AIM OF THE EXERCISE => Only the pictures should be dropped; copy the rest of the entries exactly.

MATERIAL FOR THIS EXERCISE =>
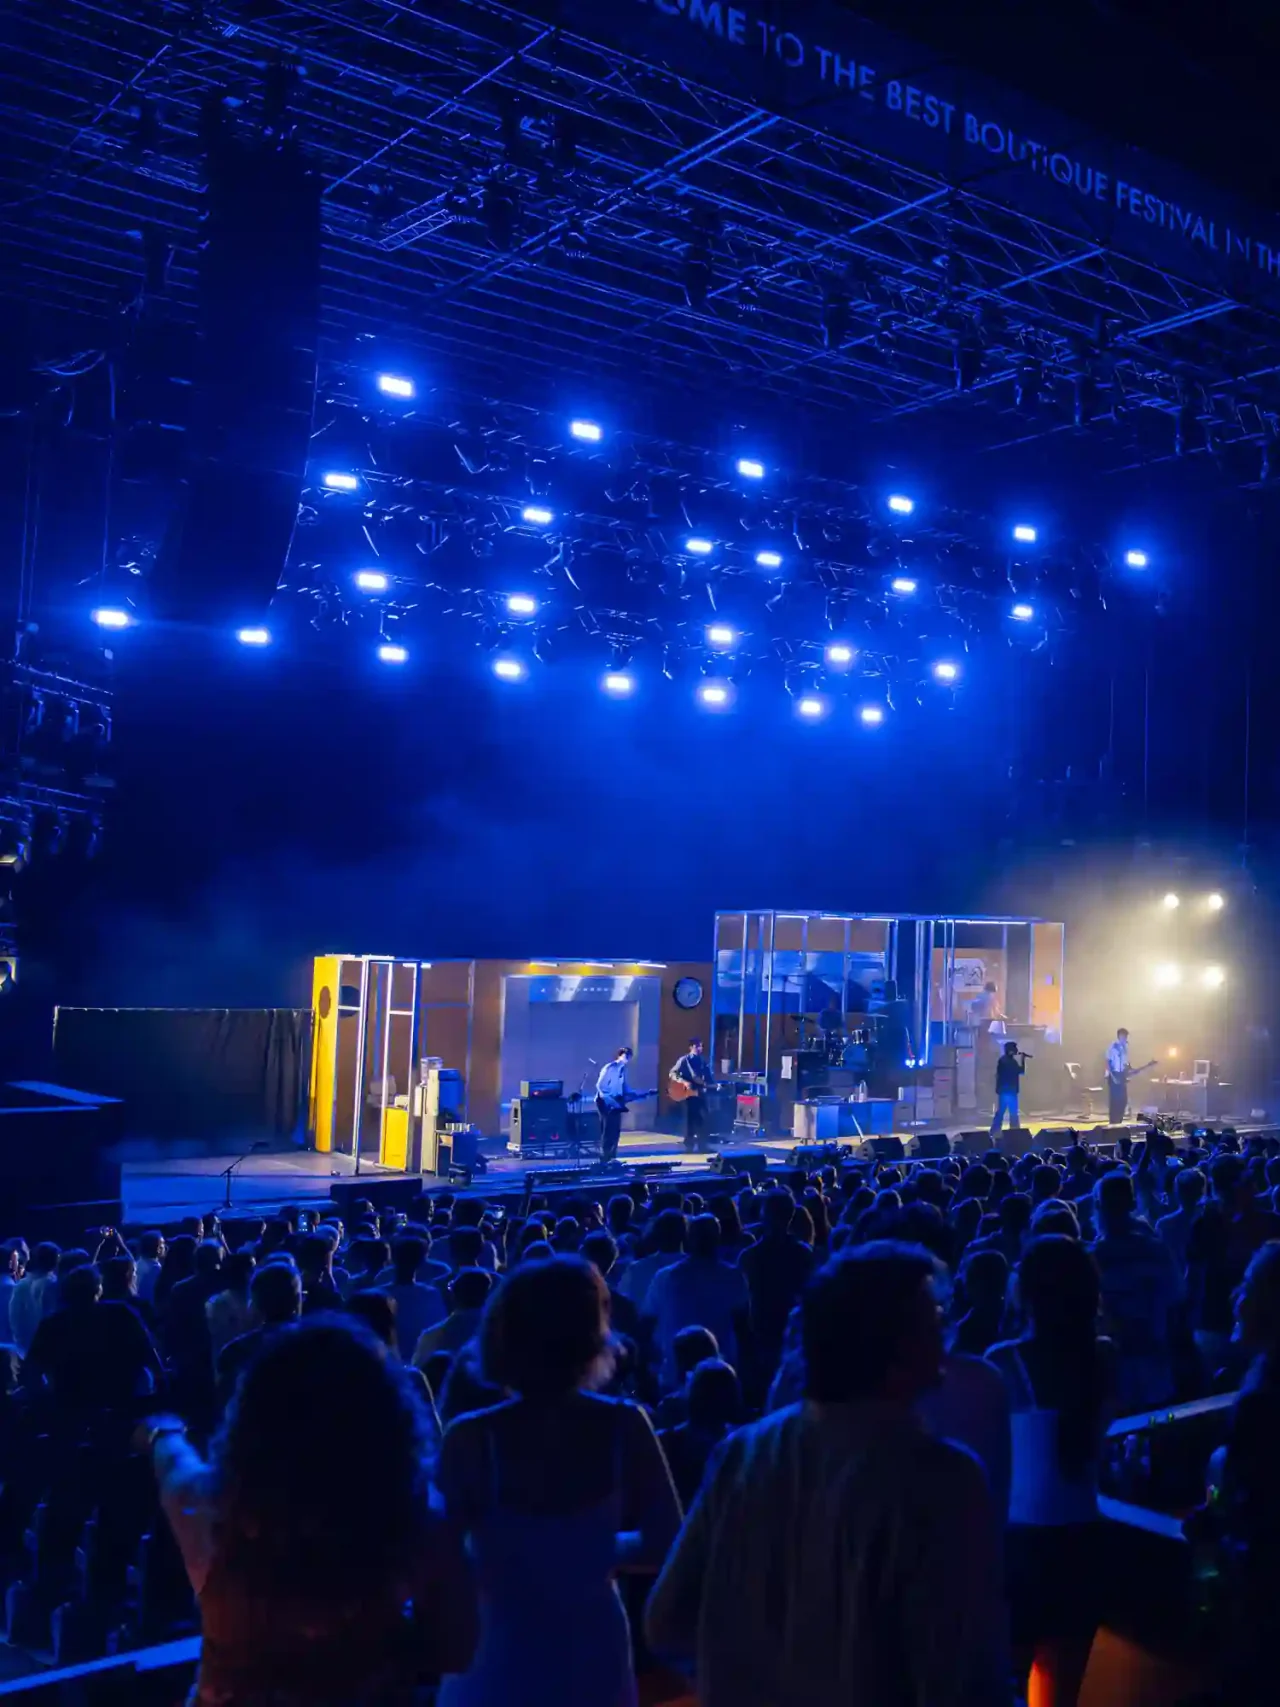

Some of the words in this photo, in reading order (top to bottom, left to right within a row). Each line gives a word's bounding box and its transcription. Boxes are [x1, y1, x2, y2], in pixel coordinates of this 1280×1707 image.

[756, 20, 804, 67] TO
[814, 45, 877, 102] THE
[884, 79, 956, 135] BEST
[964, 111, 1109, 201] BOUTIQUE
[1115, 180, 1220, 251] FESTIVAL
[1225, 228, 1251, 261] IN

RESPONSE TO THIS EXERCISE =>
Some of the words in this photo, in reading order (top to bottom, left to right within a row). Each line gives a word's bounding box and its transcription. Boxes are [x1, y1, x2, y2], in pixel coordinates of this 1280×1707 image.

[756, 20, 804, 67] TO
[814, 45, 877, 102] THE
[884, 79, 956, 135] BEST
[964, 111, 1109, 201] BOUTIQUE
[1115, 180, 1220, 251] FESTIVAL
[1225, 228, 1251, 261] IN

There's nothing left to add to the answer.